Small businesses often struggle to make sense of their data… what’s the one metric they should keep an eye on?

I would create landing pages where people go to get more information about you, your company, and your content (Hubspot is a great software to help you do this as you’re starting out). That way you can track who is on the page, what they’re doing, and whether or not they’re converting to a customer.

It’s tempting to look at traffic and pageviews and bounce rates, but those are all ego-driven metrics. Pay attention to the metrics that show you how customers become so.

What sites (apart from Spin Sucks, of course!) do you recommend for small-business marketing advice?

Ha! I guess I gave you one in answer eight. Definitely Open Forum. I also think MarketingProfs, Hubspot, and Content Marketing Institute do a really good job with small-business marketing advice.

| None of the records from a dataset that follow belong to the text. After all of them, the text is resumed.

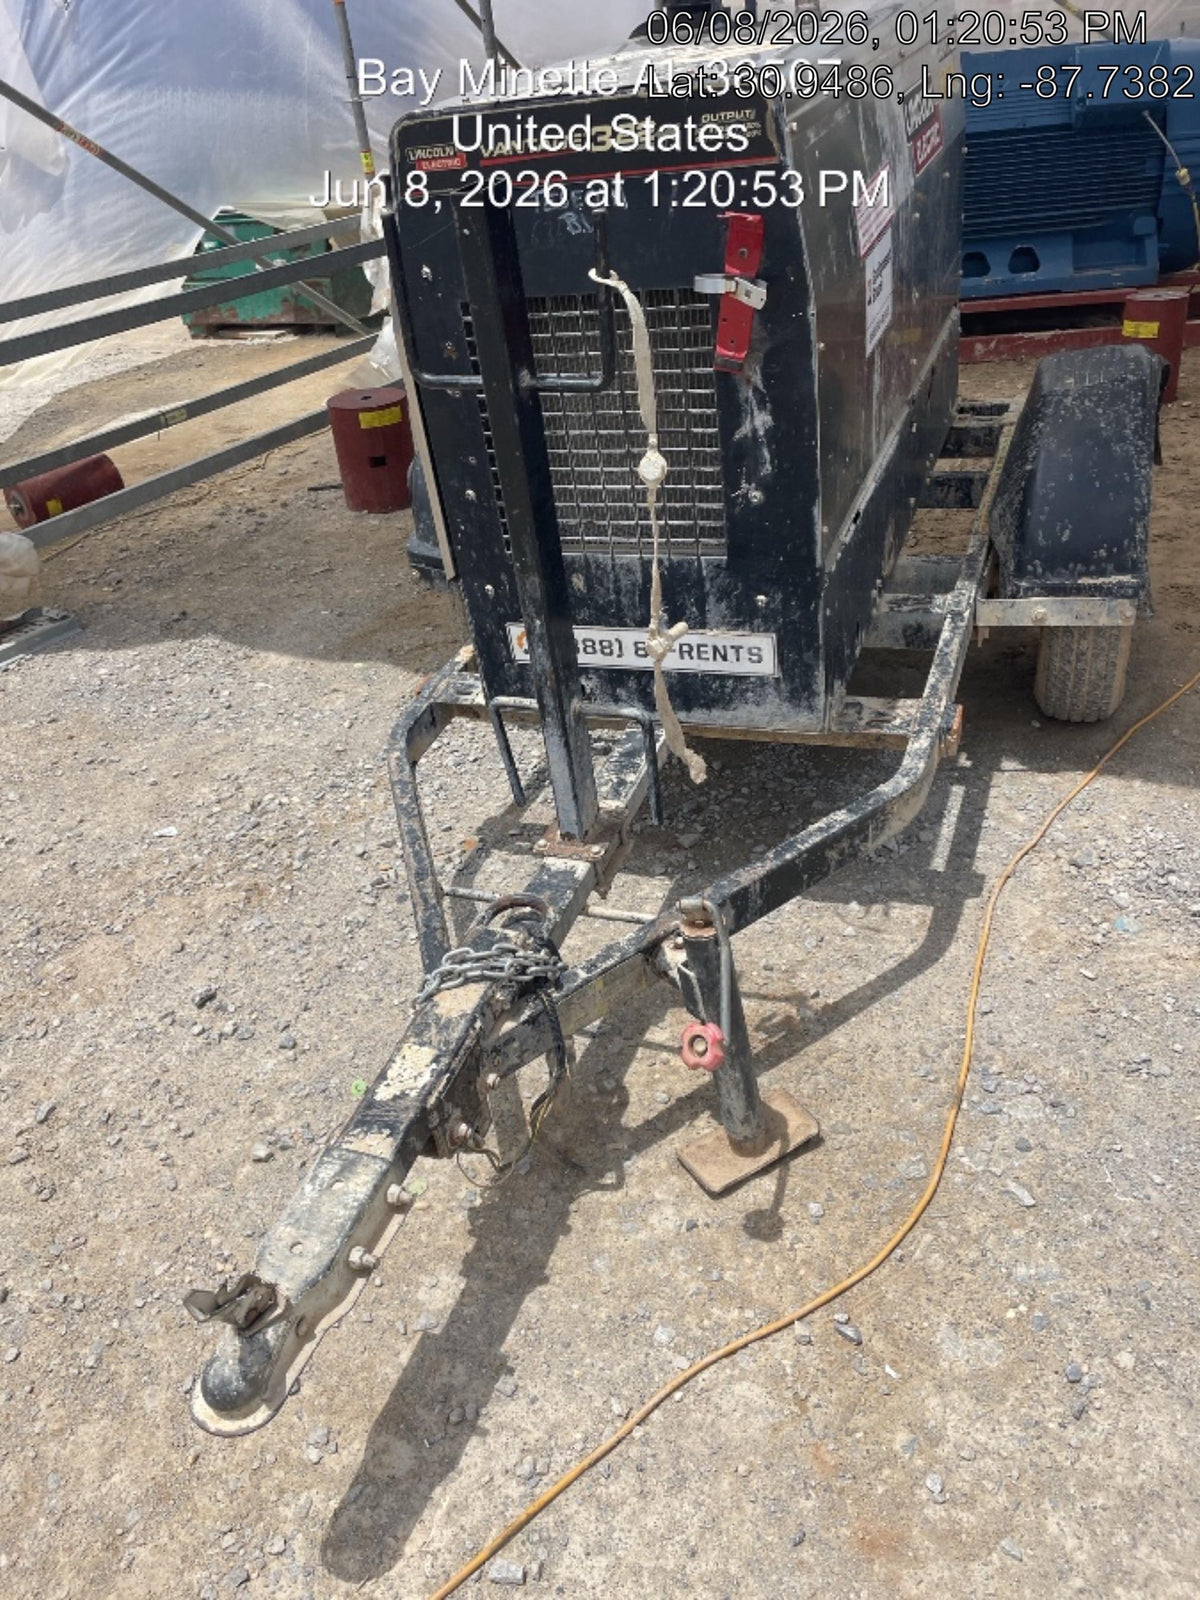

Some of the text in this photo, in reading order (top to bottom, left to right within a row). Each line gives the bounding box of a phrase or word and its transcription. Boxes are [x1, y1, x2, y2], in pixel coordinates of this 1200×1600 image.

[701, 109, 753, 124] OUTPUT
[408, 146, 455, 162] LINCOLN
[575, 637, 764, 664] 88) 8-RENTS
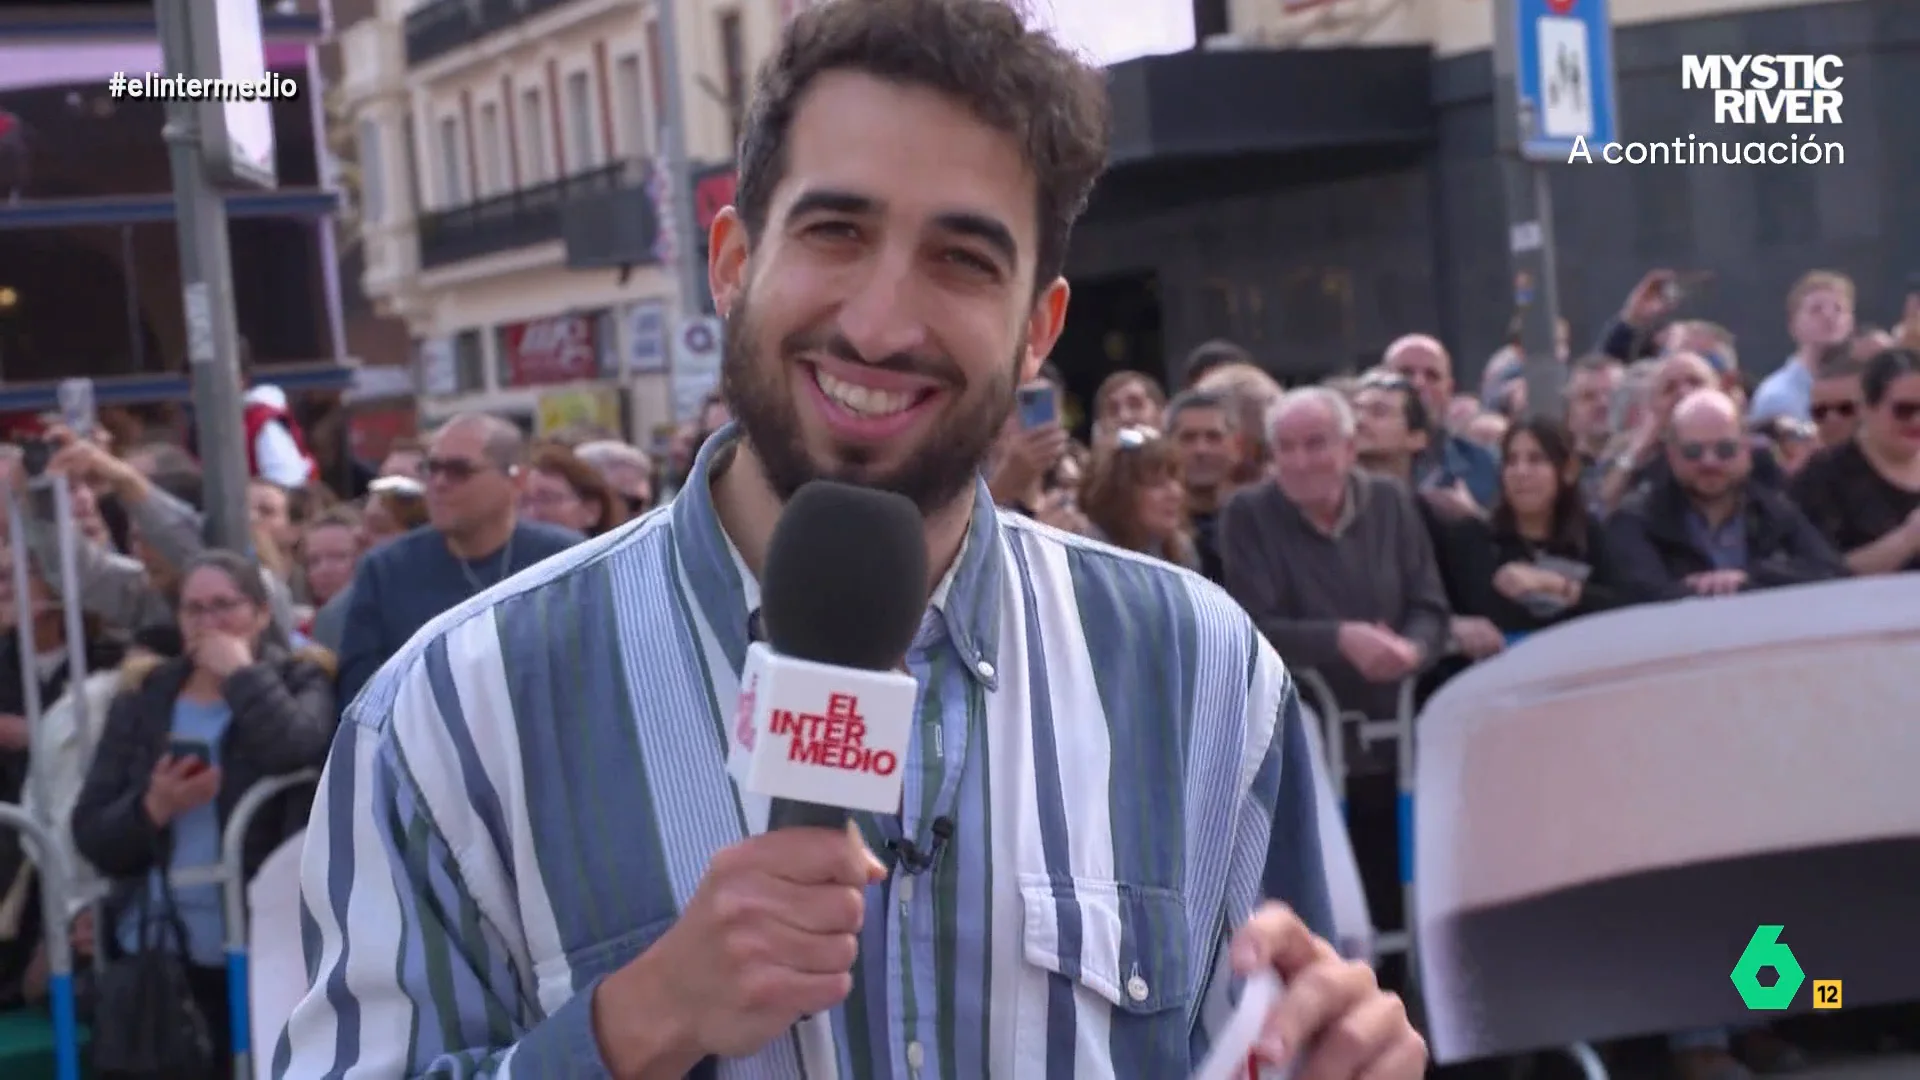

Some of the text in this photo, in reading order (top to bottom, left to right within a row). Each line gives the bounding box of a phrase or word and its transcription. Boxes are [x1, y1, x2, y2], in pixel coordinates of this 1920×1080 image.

[827, 692, 864, 721] EL
[769, 708, 867, 747] INTER
[788, 736, 898, 777] MEDIO
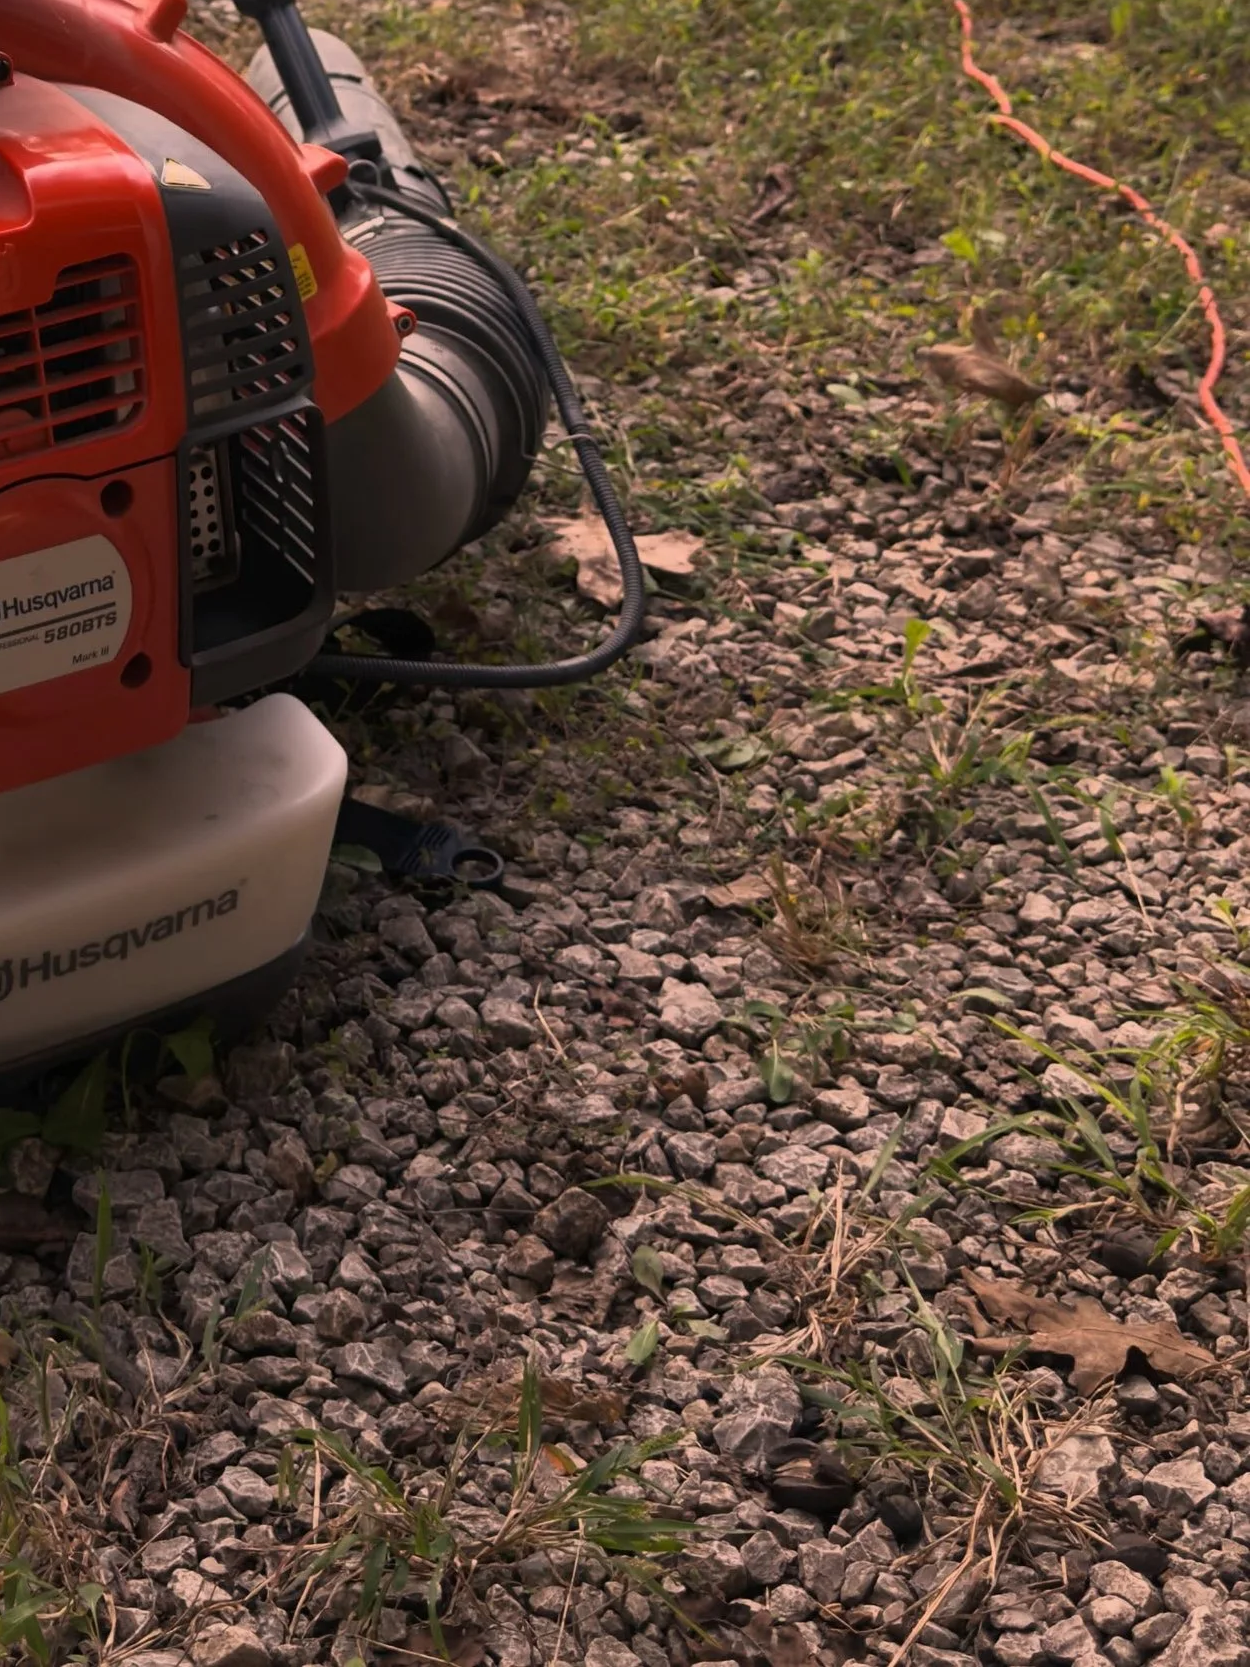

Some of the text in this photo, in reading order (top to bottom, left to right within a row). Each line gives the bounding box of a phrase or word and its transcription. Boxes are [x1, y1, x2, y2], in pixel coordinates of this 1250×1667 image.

[2, 575, 114, 618] Husqvarna
[44, 612, 117, 643] 580BTS
[72, 646, 110, 665] Mark III
[20, 888, 239, 989] Husqvarna

I believe small businesses can be responsive towards their customers and in their marketing in a way big businesses struggle with. What other advantages do you think small businesses have?

In today’s real-time, fast-moving world, small businesses have a huge advantage in that they can react more quickly. They can be nimble and flexible to measure and improve their efforts monthly, if not weekly, where the larger organizations have too much red tape to get through before a decision can be made.

What’s the biggest challenge you’ve faced as a business-owner?

Cash. Last year, when the debt crisis hit, everyone got skittish about spending their money, including our clients. We went four months without receiving a single penny and I thought I was going to have to file for bankruptcy because we couldn’t pay our bills, not because we didn’t have accounts receivables outstanding. It was an extremely painful lesson in saving as much cash as possible.

What’s the most important piece of advice you’d give a small-business entrepreneur?

I would say it’s the cash thing. We all hear, “Cash is king,” but I don’t suppose you really understand its importance until you don’t have any, but you still have to make payroll. So please, please, please don’t ignore that advice. You might not be as lucky as we were.

I’ll keep that in mind! Thank you so much for answering our questions, Gini.